Le narrateur, petite vingtaine, est donc atteint d'une myopathie. L'auteur est lui-même myopathe et c'est sans doute pour cela que la première chose qui frappe dans ce roman, c'est l'authenticité avec laquelle le sujet - rare en littérature - du handicap est traité. Sans aucun tabou et avec une lucidité féroce,
Ferdinand Laignier-Colonna évoque la frustration sexuelle, la tentation du suicide, la profonde solitude, la peur de ne jamais trouver une compagne, l'avenir angoissant sous le spectre de la dégradation physique et de la dépendance physique.
Pourtant,
Marche ou rêve n'est pas une autobiographie type témoignage de vie mais un récit autofictionnel, la narration s'inspirant de faits vécus à partir desquels se greffe sur une vraie trame fictionnelle. le handicap devient alors un vrai thème romanesque qui se nourrit d'autres – et vice versa – comme l'amitié, l'amour, l'identité. Les émotions, doutes, interrogations, dilemmes, errances, espoirs du personnage principal peuvent résonner en chacun, d'autant qu'il n'est jamais nommé ou prénommé, ce qui renforce l'aspect universel de son « je ». Valide ou non, on a tous des prisons à vaincre.
Surtout,
Ferdinand Laignier-Colonna est un écrivain. On le sent particulièrement lors de certaines scènes singulières et fortes, dérangeantes même, comme celle de la première visite à la prostituée Bernadette, femme courageuse et généreuse, au bord de la misère, qui telle une Fantine, est prête à vendre ses dents pour son fils ( beaucoup plus lourdement handicapé que le narrateur ). Cela pourrait être terriblement glauque et malaisant, sous la plume de l'auteur, c'est juste bouleversant de vérité et d'humanité.
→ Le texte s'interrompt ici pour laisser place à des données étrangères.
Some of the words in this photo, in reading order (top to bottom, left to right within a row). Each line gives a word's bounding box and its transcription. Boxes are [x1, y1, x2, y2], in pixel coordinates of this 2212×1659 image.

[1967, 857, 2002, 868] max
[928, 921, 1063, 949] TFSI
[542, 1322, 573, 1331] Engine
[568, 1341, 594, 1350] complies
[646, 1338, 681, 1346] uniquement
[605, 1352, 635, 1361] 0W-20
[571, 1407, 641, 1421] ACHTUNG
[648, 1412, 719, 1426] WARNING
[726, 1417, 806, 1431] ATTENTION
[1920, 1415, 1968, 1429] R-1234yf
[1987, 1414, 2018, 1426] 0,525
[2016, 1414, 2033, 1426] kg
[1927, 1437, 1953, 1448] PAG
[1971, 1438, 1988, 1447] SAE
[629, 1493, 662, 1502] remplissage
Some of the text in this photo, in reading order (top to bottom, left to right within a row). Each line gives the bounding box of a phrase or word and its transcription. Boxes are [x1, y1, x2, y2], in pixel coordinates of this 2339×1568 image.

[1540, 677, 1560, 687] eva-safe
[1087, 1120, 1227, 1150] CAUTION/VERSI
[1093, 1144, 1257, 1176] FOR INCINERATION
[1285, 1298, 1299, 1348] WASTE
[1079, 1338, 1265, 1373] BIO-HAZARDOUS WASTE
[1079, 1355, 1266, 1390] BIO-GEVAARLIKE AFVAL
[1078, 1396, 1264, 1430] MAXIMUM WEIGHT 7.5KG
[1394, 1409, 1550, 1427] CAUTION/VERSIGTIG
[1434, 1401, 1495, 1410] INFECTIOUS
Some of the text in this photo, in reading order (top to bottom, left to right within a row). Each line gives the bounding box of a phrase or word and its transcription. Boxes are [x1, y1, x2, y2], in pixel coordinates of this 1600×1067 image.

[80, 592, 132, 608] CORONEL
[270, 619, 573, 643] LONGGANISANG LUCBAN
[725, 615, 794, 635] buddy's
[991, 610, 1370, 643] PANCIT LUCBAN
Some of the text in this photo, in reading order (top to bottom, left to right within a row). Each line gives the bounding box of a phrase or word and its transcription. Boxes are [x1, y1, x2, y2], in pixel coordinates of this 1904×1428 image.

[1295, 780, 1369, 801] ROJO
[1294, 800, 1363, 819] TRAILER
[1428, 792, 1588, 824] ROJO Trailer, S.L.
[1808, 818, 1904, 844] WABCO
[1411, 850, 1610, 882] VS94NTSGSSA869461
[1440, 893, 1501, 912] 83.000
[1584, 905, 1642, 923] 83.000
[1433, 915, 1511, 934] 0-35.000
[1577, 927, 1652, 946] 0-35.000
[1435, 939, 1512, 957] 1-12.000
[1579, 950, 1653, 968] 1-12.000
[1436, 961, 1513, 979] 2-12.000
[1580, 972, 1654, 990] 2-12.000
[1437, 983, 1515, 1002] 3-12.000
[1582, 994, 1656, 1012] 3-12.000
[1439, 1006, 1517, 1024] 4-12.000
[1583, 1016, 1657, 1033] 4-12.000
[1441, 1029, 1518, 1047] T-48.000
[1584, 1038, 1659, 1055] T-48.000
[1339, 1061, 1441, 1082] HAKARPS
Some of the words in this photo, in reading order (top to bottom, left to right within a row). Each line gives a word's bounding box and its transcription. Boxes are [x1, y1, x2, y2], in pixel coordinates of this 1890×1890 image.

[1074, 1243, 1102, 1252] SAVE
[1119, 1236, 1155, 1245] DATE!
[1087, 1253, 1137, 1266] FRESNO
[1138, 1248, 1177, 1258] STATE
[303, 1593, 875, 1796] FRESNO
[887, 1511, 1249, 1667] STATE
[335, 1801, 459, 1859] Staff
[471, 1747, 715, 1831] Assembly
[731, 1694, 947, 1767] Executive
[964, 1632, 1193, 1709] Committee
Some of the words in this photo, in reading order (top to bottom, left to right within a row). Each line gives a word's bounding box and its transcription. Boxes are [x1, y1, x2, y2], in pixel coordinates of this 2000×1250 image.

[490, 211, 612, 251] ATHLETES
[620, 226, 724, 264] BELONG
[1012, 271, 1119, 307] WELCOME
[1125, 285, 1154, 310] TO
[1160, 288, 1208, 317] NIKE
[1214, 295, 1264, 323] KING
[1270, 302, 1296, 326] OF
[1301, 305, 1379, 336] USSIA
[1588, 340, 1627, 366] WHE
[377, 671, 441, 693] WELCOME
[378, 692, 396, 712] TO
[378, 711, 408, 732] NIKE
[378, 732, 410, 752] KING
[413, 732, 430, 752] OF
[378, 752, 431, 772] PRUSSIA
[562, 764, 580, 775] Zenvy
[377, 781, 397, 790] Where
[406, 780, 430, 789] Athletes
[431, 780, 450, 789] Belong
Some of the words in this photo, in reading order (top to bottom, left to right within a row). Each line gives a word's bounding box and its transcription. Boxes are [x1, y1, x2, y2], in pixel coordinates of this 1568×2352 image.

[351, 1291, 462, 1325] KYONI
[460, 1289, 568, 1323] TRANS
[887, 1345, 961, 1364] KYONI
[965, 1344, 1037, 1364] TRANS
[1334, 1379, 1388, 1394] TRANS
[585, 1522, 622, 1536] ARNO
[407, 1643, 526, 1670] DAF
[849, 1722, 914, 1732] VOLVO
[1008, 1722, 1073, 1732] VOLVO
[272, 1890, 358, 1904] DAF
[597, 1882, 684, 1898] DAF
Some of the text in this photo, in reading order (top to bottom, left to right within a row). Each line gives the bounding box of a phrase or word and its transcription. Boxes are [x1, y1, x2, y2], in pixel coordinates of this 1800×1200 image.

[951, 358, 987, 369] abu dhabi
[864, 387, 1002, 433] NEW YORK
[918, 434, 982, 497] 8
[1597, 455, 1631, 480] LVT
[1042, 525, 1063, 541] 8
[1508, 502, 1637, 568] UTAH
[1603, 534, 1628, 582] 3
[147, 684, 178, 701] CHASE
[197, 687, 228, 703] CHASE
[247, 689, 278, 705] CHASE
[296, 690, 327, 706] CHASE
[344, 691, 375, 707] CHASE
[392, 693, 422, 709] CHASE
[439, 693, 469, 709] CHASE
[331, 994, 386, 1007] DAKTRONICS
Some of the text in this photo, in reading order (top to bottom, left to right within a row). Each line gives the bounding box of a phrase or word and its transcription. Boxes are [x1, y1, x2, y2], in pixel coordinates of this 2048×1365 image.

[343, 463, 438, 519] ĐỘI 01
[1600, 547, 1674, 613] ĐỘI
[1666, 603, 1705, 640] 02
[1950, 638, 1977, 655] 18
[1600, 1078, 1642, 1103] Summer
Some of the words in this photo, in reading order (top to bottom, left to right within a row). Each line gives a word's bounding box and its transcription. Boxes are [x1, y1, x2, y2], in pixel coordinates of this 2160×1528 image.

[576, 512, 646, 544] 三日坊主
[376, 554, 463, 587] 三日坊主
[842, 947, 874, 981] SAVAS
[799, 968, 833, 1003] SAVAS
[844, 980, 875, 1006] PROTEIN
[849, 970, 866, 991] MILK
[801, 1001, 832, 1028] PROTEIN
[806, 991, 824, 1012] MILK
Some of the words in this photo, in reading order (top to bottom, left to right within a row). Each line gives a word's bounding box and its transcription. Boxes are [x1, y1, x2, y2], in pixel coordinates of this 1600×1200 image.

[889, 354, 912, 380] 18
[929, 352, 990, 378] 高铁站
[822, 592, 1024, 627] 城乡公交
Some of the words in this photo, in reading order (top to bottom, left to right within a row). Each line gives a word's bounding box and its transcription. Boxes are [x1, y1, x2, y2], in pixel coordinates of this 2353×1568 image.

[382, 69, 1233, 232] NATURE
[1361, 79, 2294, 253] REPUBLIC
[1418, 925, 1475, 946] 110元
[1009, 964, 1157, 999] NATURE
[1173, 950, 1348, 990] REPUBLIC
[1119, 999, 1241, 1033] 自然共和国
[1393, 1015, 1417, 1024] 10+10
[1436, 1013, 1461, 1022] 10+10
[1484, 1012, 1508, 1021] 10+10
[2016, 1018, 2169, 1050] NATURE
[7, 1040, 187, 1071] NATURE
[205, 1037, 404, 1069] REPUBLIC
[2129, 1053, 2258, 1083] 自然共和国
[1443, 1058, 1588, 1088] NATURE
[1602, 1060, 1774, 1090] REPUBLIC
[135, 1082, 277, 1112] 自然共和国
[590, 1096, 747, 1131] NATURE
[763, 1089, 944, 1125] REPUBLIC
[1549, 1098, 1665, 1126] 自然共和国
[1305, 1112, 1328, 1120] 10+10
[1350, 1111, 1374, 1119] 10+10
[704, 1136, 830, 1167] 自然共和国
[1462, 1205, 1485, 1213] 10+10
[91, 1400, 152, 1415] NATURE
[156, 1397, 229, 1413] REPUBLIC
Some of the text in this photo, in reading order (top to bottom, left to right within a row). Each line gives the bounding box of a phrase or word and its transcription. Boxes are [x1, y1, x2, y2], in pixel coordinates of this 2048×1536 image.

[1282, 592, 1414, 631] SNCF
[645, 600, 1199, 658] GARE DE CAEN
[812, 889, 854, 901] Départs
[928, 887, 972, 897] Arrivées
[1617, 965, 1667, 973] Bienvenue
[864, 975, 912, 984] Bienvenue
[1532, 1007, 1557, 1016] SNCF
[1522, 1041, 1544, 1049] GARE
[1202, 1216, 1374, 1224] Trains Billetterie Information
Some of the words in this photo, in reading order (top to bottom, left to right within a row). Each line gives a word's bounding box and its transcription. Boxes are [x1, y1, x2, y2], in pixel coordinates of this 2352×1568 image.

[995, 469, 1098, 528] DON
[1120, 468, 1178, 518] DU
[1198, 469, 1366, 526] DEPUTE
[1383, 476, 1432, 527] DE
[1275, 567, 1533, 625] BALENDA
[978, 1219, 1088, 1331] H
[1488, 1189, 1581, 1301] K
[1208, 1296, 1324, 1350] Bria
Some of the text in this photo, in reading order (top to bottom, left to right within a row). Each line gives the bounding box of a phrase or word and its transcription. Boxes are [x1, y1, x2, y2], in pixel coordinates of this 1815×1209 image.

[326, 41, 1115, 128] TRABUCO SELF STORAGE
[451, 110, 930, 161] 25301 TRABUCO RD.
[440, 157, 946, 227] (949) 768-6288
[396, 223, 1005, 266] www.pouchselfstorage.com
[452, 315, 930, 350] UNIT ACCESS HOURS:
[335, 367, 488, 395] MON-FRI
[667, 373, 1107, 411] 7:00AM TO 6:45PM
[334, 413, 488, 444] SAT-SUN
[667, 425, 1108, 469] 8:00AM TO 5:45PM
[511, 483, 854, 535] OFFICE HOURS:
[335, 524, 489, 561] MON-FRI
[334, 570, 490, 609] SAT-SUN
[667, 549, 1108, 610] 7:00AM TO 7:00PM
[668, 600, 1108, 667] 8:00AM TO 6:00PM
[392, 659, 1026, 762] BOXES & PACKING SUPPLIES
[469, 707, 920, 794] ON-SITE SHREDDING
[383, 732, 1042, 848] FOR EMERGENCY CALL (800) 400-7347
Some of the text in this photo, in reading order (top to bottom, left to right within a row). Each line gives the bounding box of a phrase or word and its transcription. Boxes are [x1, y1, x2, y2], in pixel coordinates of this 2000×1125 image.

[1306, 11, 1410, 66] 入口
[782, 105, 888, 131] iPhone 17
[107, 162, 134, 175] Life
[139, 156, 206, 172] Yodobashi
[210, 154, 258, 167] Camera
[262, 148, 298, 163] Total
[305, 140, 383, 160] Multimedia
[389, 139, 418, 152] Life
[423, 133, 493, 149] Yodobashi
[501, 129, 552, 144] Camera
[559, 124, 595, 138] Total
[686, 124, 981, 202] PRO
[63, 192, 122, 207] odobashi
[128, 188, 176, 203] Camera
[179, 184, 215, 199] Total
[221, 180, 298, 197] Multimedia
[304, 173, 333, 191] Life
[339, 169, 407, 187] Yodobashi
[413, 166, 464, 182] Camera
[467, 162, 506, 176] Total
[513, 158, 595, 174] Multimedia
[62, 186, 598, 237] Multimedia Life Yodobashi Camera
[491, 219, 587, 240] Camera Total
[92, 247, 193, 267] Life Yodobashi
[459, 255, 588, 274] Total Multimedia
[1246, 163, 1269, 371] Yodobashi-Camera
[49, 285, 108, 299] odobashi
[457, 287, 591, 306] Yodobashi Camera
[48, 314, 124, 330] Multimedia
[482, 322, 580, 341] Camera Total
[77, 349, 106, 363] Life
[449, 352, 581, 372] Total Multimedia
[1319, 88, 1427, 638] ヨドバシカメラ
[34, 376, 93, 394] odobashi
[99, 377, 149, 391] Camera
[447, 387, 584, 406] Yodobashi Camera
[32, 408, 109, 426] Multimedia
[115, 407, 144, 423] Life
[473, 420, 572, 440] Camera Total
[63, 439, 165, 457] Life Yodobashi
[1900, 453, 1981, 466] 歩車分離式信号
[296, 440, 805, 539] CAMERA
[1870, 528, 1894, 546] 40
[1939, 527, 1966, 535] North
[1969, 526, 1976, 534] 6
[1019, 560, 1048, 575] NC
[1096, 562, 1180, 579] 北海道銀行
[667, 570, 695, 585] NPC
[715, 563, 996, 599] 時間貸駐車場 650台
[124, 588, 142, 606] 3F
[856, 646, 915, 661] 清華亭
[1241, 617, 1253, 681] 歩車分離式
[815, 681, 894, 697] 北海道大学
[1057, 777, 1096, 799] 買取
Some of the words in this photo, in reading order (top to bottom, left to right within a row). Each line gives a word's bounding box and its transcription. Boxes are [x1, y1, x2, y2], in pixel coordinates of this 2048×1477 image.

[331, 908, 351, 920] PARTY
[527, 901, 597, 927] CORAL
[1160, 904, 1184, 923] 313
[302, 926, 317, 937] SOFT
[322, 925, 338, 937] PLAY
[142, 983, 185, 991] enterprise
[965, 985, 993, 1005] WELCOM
L'auteur trouve le bon équilibre pour désamorcer le tragique des situations sans chercher pour autant à les édulcorer ou à mettre la poussière sous le tapis. Si
Marche ou rêve n'est pas un roman qui revendique ou cherche à régler des comptes, le ton est souvent insolent , porté par à un humour incisif qui dégaine à tout va contre le manque d'empathie des médecins, contre l'hypocrite compassion des valides, contre les vendeurs profiteurs de fauteuils roulants hors de prix, ou encore contre le Téléthon « la fashion week de la myopathie », « l'impudeur de la célébration et la glorification de ces corps dégénérés donneraient presque l'envie d'épouser les thèses d'un eugénisme libéral ». Ça punchline de partout, au point qu'on a envie de relever plein de phrases. On rit beaucoup mode décomplexé.
Le roman se situe en Corse, mais une Corse loin des clichés, une Corse morne, hivernale, bétonnisée, la métaphore géographique de l'insularité accentuant l'enfermement du narrateur dans une solitude de plus en plus pesante. Si l'ancrage territorial est très bien inséré à la trame narrative, j'ai été moins convaincue par l'assise temporelle, ayant eu beaucoup de mal à me situer dans le temps, ne parvenant pas à bien repérer deux des marqueurs temporels forts : l'irruption du COVID et la "bascule" dans la prise du traitement thérapeutique expérimental ne m'ont pas semblé assez défini ni assez lisible pour me repérer totalement dans le dernier quart.
Un premier roman réussi et alerte qui a su me toucher par sa sincérité.